Open ca-mantis-shrimp opened this issue 4 years ago • 2 comments

Hi All,

This is less of a bug as a questions.

I've gotten the basics down of using which-key to show whatever leader keys I define.

However, instead of re-mapping certain functions I want (think the <CTRL+W> commands).

  • I'm assuming this has something to do with loading the dictionary of the OOTB mappings, but is that easily accessible for configuration?
    • or will I have to re-build the functions in a mapping for which-key in order to use these functions with which-key support?

thanks for your time and expertise.

ca-mantis-shrimp avatar Sep 30 '20 01:09 ca-mantis-shrimp

I'm trying to do similar; for instance, I'm building a mapping for the g-prefixed mappings (see :help g).

At the moment, the only work-around I've found is to explicitly remap-onto-itself every single prefixed mapping — they actually stop working if they're not remaped.

As an example, the following breaks the built-in gg command to jump to the top of the window:

if !exists('g:goto_key_map') | let g:goto_key_map = {} | endif

" ...

call which_key#register('g', "g:goto_key_map")
nnoremap <silent> g :<c-u>WhichKey 'g'<CR>
vnoremap <silent> g :<c-u>WhichKeyVisual 'g'<CR>

Attempting to gg with the above yields [which-key] g + is undefined.

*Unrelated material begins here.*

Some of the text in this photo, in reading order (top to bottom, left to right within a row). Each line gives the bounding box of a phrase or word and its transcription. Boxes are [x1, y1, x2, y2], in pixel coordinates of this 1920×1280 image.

Even if I give it a definition,

if !exists('g:goto_key_map') | let g:goto_key_map = {} | endif

let g:goto_key_map.g = 'goto-top'

... I still get [which-key] Fail to execute, no such mapping. Sadly, the only way I found to do this, is to enumerate every built-in mapping, manually, such that WhichKey is aware of them; something like ...

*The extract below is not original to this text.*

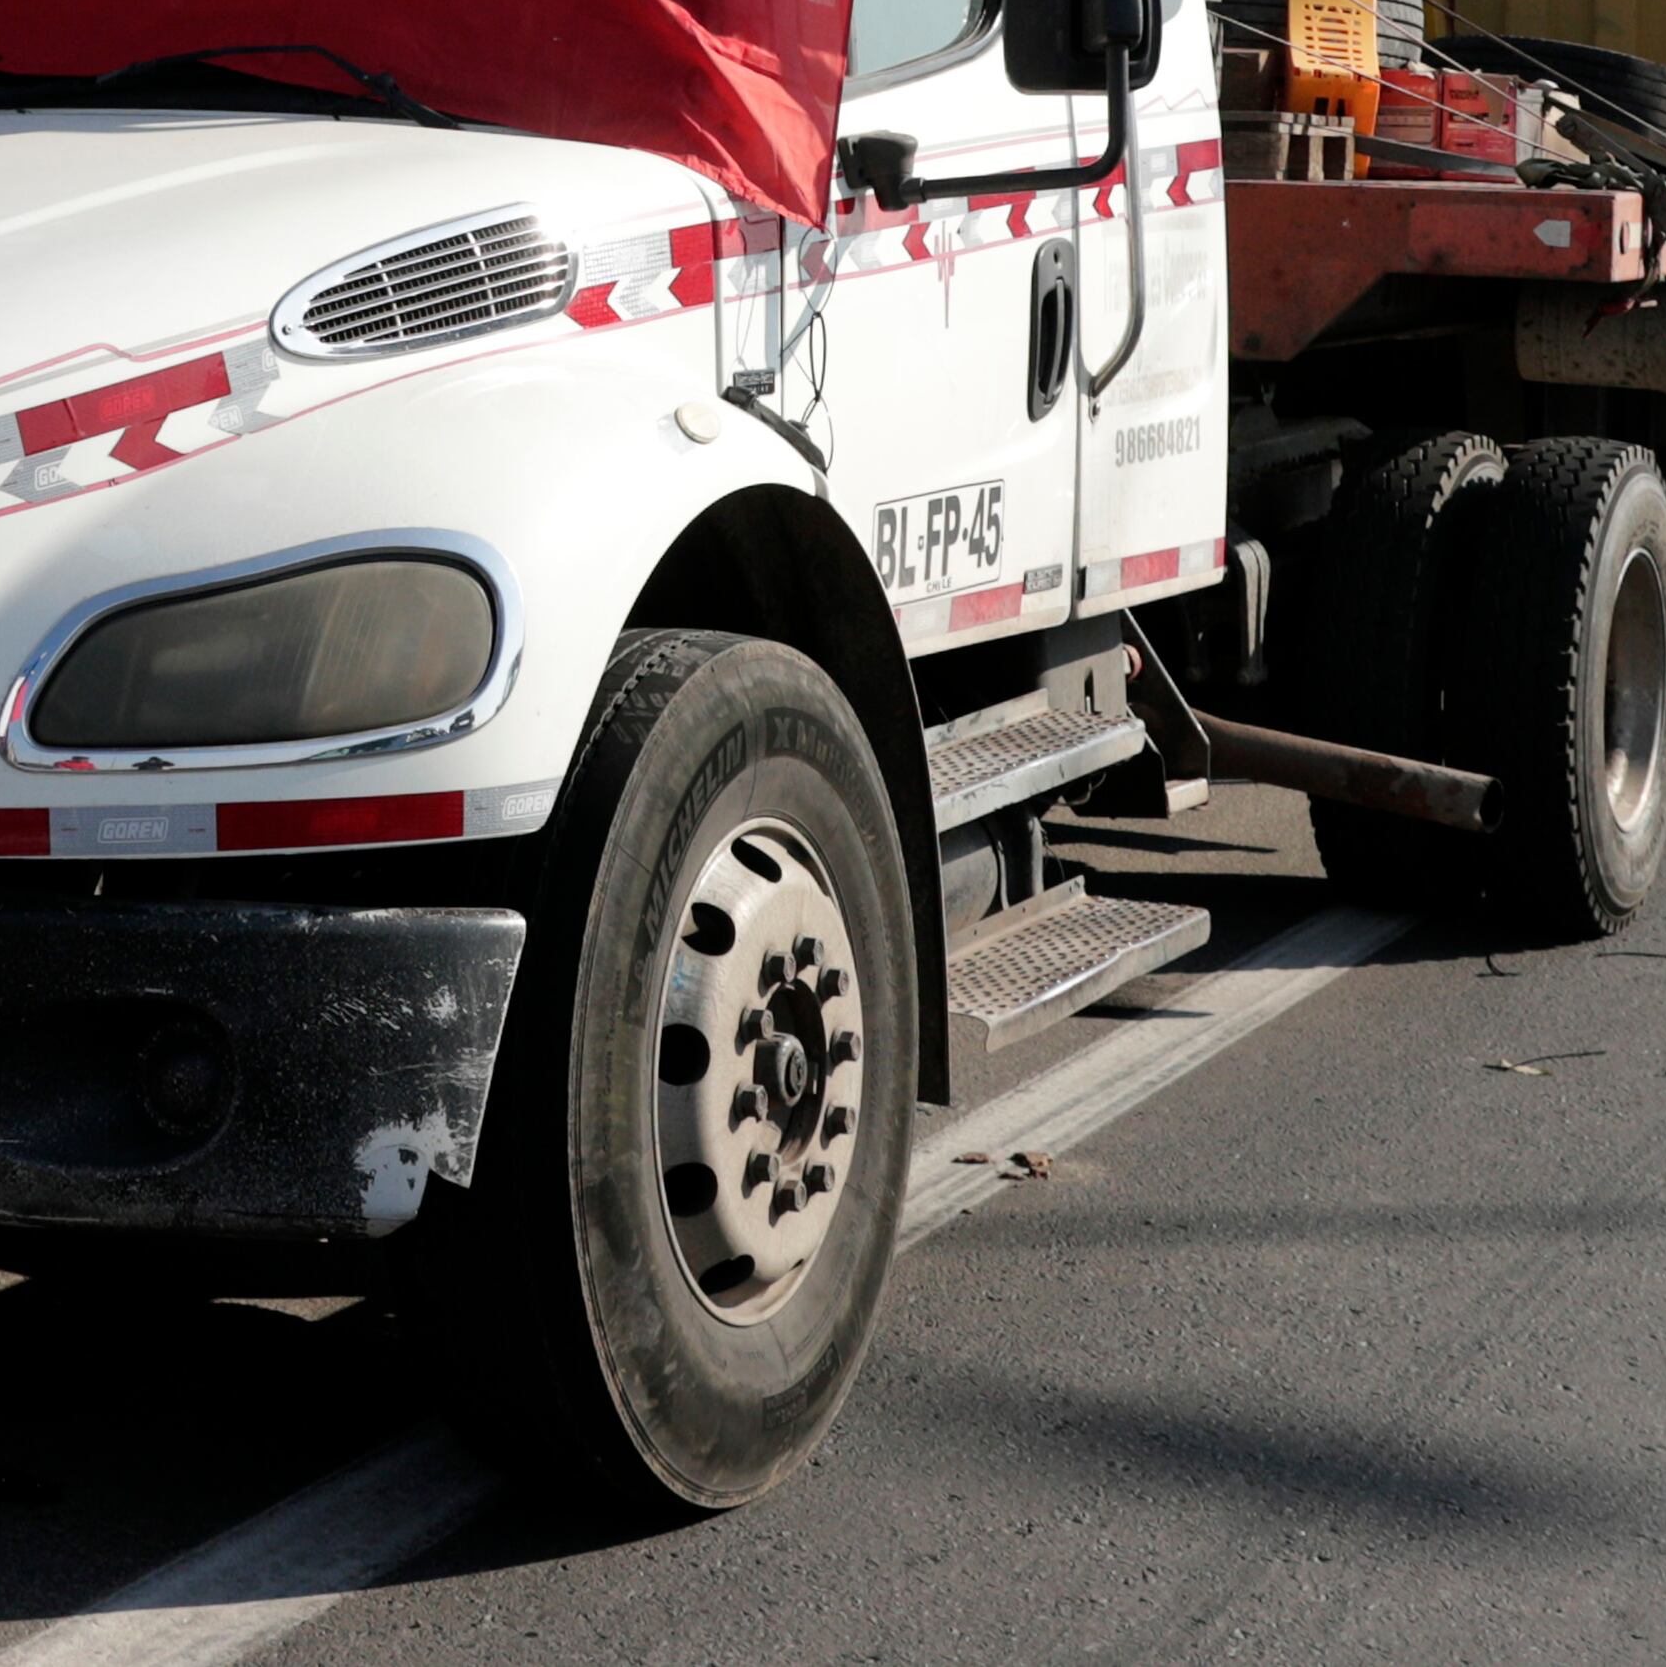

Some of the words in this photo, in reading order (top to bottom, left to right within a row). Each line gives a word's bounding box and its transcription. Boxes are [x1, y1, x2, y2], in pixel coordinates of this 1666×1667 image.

[1115, 414, 1201, 468] 986684821
[506, 793, 553, 816] GOREN
[102, 818, 166, 842] GOREN
[644, 726, 745, 944] MICHELIN

if !exists('g:goto_key_map') | let g:goto_key_map = {} | endif

" Need to duplicate built-in mappings so WhichKey can be aware of them
nnoremap <silent> g<C-G> g<C-G>
let g:goto_key_map['<C-G>'] = 'show-cursor-pos'
nnoremap <silent> gg gg
let g:goto_key_map.g = 'goto-top'
nnoremap <silent> g8 g8
let g:goto_key_map['8'] = 'print-char-as-hex'
nnoremap <silent> g' g'
let g:goto_key_map["'"] = 'mark-without-jumplist'
nnoremap <silent> g` g`
let g:goto_key_map["`"] = 'mark-without-jumplist'
nnoremap <silent> g+ g+
let g:goto_key_map["+"] = 'undo-chrono-forward'
nnoremap <silent> g- g-
let g:goto_key_map["-"] = 'undo-chrono-backwards'
" ... and so on.

call which_key#register('g', "g:goto_key_map")
nnoremap <silent> g :<c-u>WhichKey 'g'<CR>
vnoremap <silent> g :<c-u>WhichKeyVisual 'g'<CR>

For the moment, I'm just gonna give up on this, until someone feels like patching WhichKey; it's way, way too much to duplicate-and-maintain this entire list:

Screen Shot 2021-01-30 at 21 36 00

ELLIOTTCABLE avatar Jan 31 '21 03:01 ELLIOTTCABLE

@ELLIOTTCABLE you can specify let g:which_key_fallback_to_native_key = 1 so that default commands don't fail when there is no mapping defined.